→ **Problem**:
Restate all entries exactly. Skip the images.

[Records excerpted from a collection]
==*==
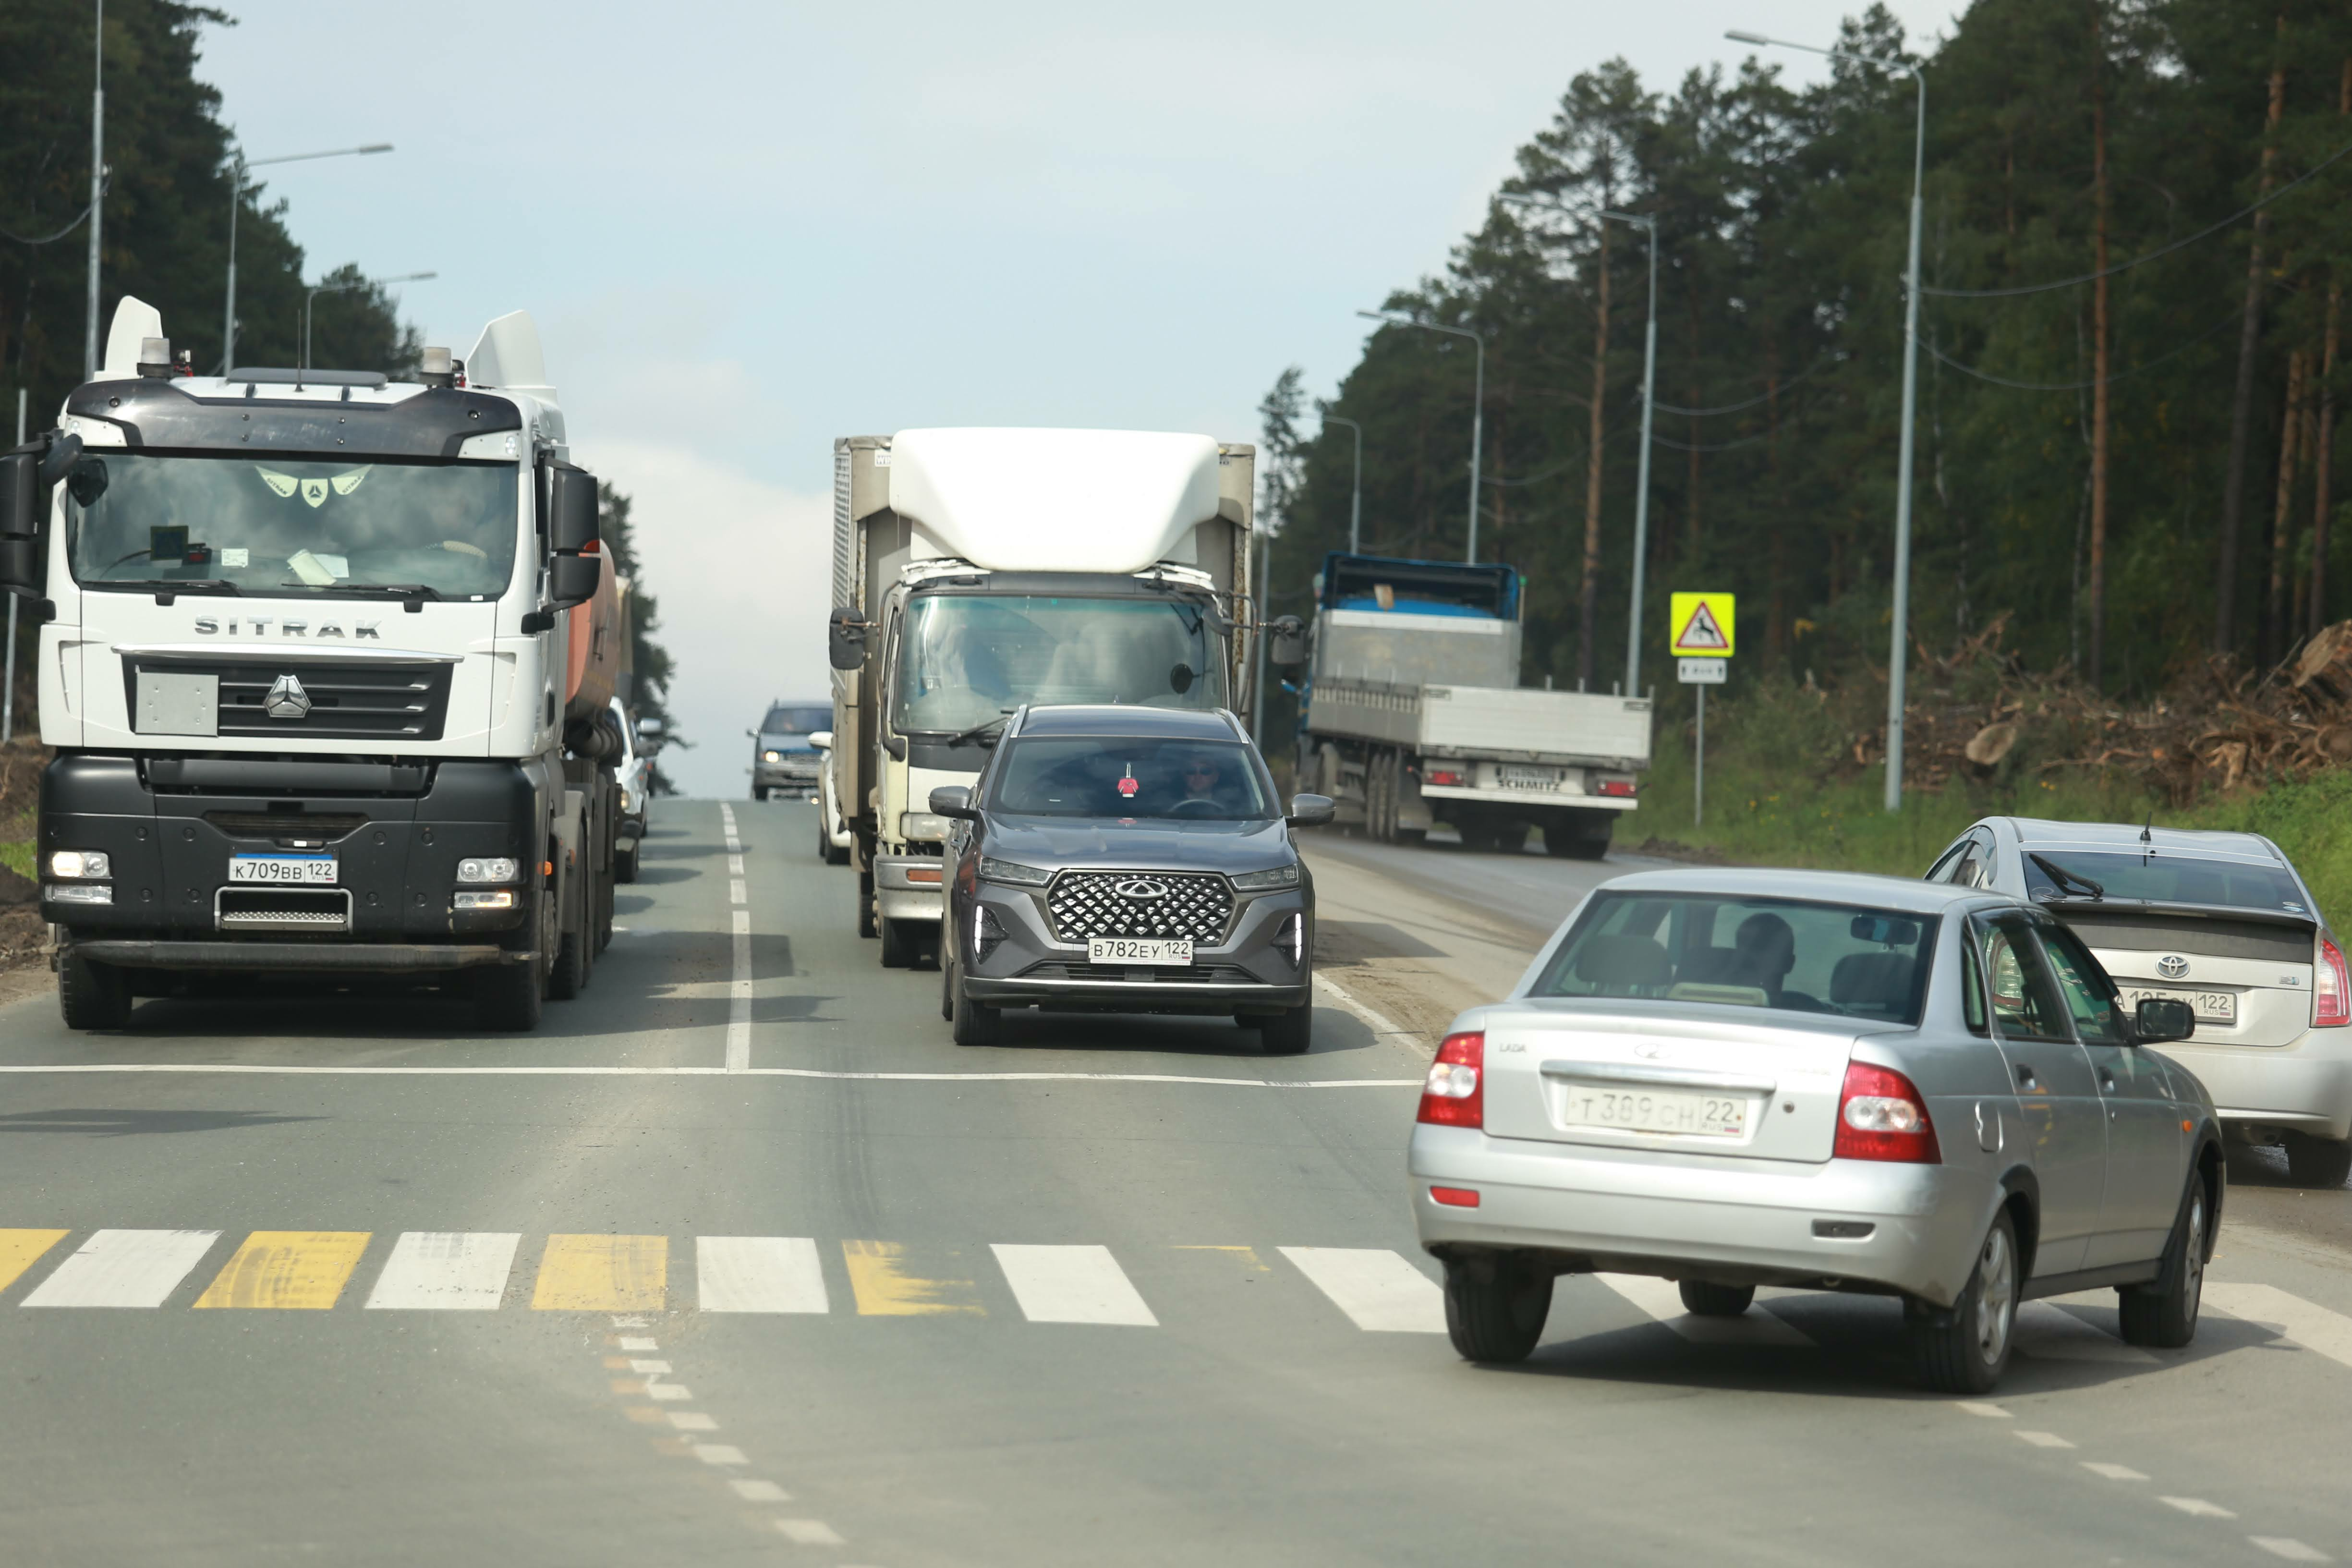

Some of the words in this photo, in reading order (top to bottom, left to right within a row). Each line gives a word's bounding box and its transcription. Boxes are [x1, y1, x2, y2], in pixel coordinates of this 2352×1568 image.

[195, 615, 382, 639] SITRAK
[307, 863, 332, 876] 122
[1164, 942, 1188, 955] 122
[2198, 994, 2228, 1009] 122
[1705, 1100, 1734, 1123] 22
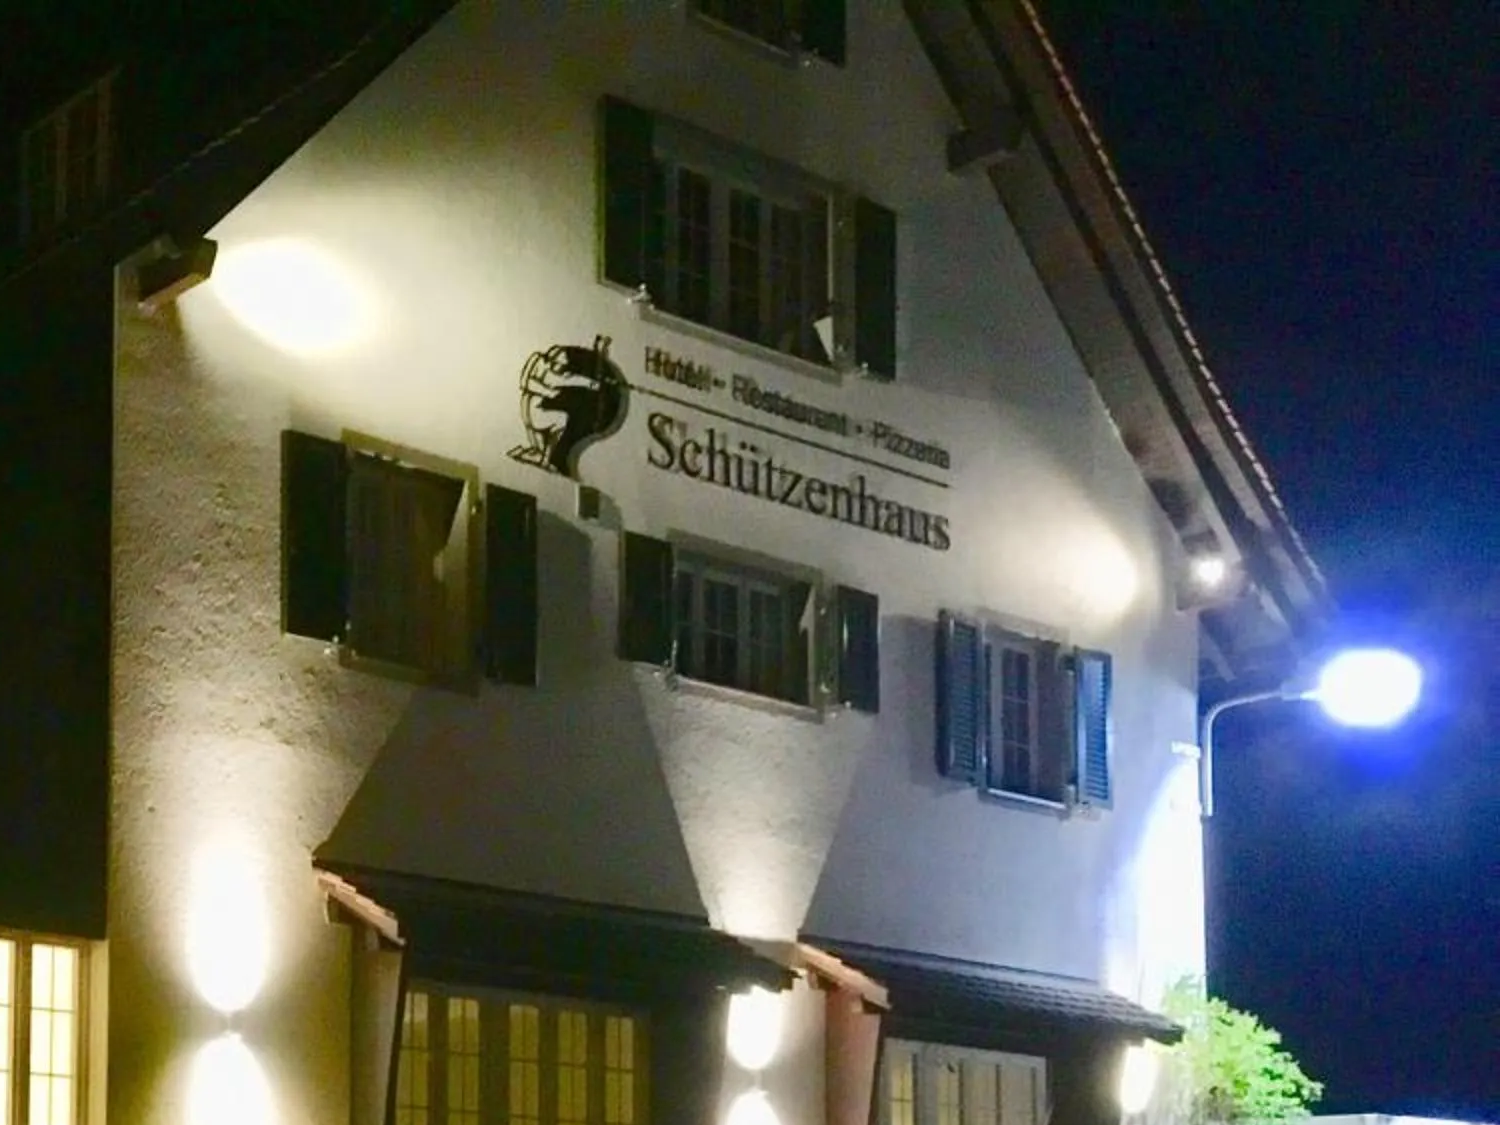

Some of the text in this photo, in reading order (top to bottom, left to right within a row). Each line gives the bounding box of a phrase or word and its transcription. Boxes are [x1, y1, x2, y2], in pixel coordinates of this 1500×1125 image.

[644, 346, 951, 470] Hotel Restaurant Pizzeria
[647, 411, 952, 551] Schützenhaus
==*==
→ **Answer for this exercise**:
Some of the words in this photo, in reading order (top to bottom, left to right within a row). Each line gives a word's bounding box and its transcription. Boxes are [x1, y1, x2, y2], in pixel coordinates of this 2352×1568 image.

[195, 615, 382, 639] SITRAK
[307, 863, 332, 876] 122
[1164, 942, 1188, 955] 122
[2198, 994, 2228, 1009] 122
[1705, 1100, 1734, 1123] 22

Some of the text in this photo, in reading order (top to bottom, left to right within a row). Each line gives the bounding box of a phrase or word and its transcription. Boxes are [x1, y1, x2, y2], in pixel coordinates of this 1500×1125 image.

[644, 346, 951, 470] Hotel Restaurant Pizzeria
[647, 411, 952, 551] Schützenhaus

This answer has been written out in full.